Clock gene Bmal1 controls diurnal rhythms in expression and activity of intestinal carboxylesterase 1.

Abstract

We aimed to characterize diurnal rhythms in CES1 expression and activity in mouse intestine, and to investigate a potential role of the core clock gene Bmal1 in generating diurnal rhythms. The regulatory effects of intestinal Bmal1 on diurnal CES1 expression were assessed using intestine-specific Bmal1 knockout (Bmal1iKO) mice and colon cancer cells. The relative mRNA and protein levels were determined by qPCR and Western blotting, respectively. Metabolic activity of CES1 in vitro and in vivo were determined by microsomal assays and pharmacokinetic studies, respectively. Transcriptional gene regulation was investigated using luciferase reporter assay. Total CES1 protein varied significantly according to time of the day in wild-type (Bmal1fl/fl) mice, peaking at ZT6. Of detectable Ces1 genes, Ces1d mRNA displayed a robust diurnal rhythm with a peak level at ZT6, whereas mRNAs of Ces1e, 1f and 1g showed no rhythms in wild-type mice. Loss of intestinal Bmal1 reduced the levels of total CES1 protein and Ces1d mRNA, and blunted their diurnal rhythms in mice. In vitro microsomal assays indicated that intestinal metabolism of mycophenolate mofetil (MMF, a known CES1 substrate) was more extensive at ZT6 than at ZT18. ZT6 dosing of MMF to wild-type mice generated a higher systemic exposure of mycophenolic acid (the active metabolite of MMF) as compared with ZT18 dosing. Intestinal ablation of Bmal1 down-regulated CES1 metabolism at ZT6, and abolished its time-dependency both in vitro and in vivo. Furthermore, Ces1d/CES1 rhythmicity and positive regulation of Ces1d/CES1 by BMAL1 were confirmed in CT26 and Caco-2 cells.
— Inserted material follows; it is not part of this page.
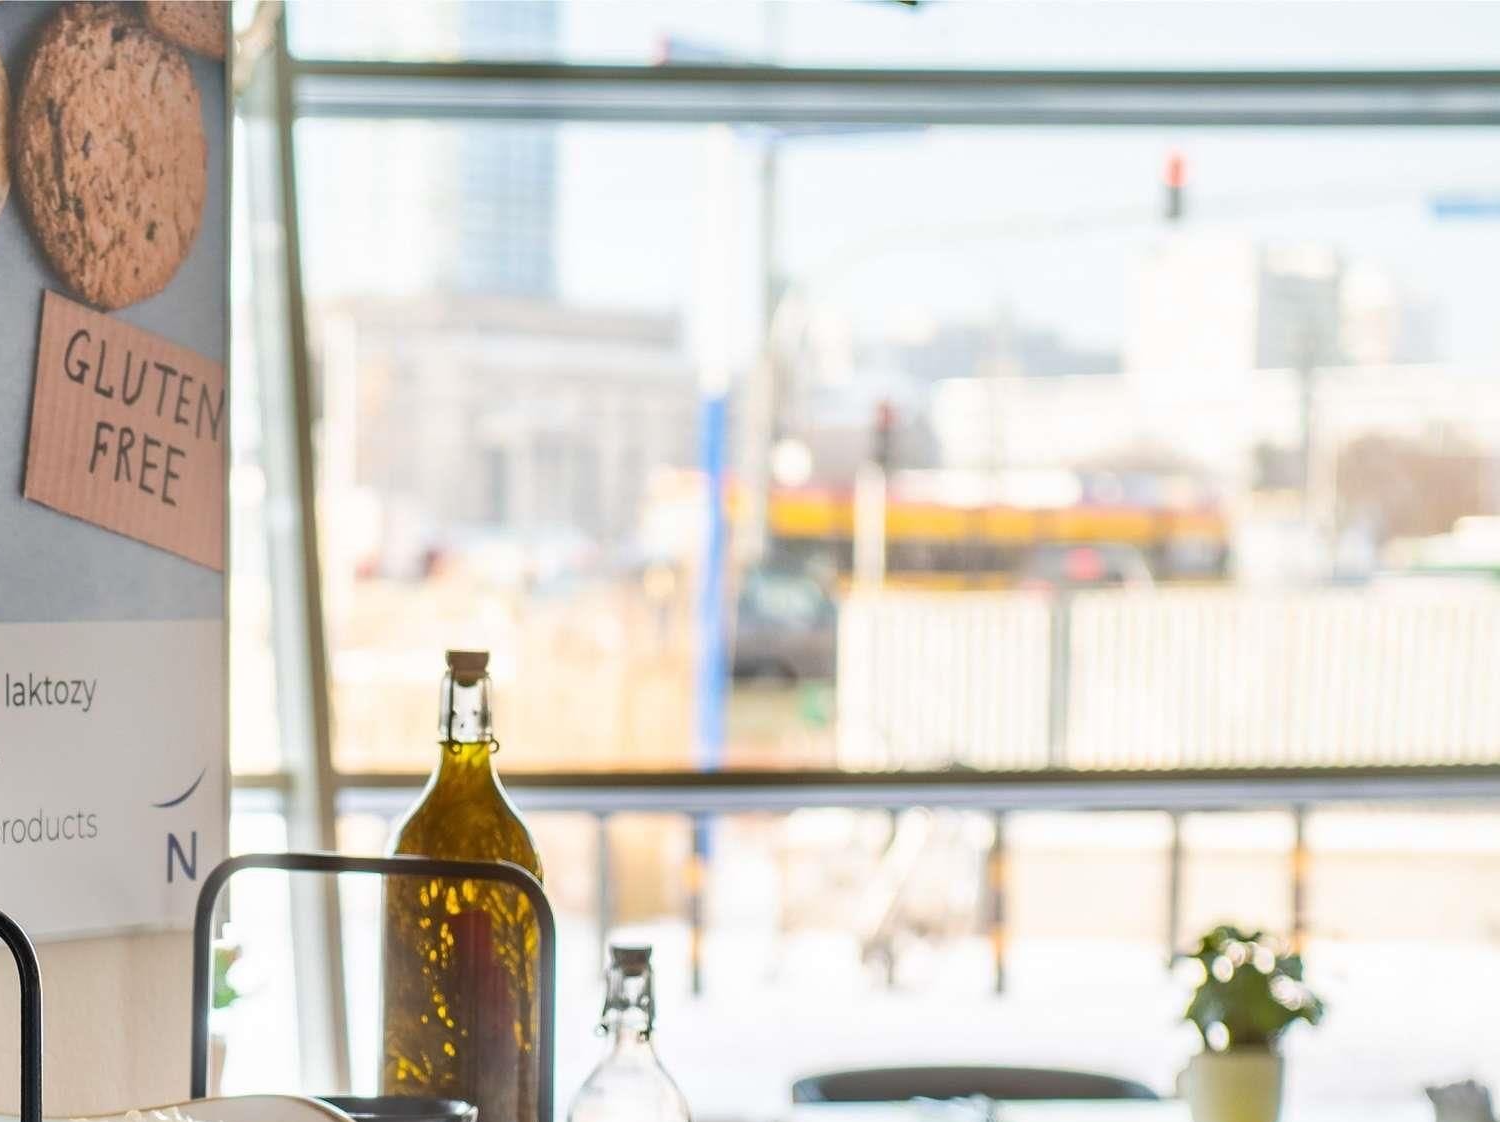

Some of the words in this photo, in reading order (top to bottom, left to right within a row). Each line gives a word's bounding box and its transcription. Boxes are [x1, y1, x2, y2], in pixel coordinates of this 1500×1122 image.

Mechanistically, BMAL1 trans-activated Ces1d/CES1 probably via binding to the E-box elements in the gene promoters. Bmal1 controls diurnal rhythms in expression and activity of intestinal CES1. Our findings have implications for understanding the crosstalk between circadian clock and xenobiotic metabolism in the intestine.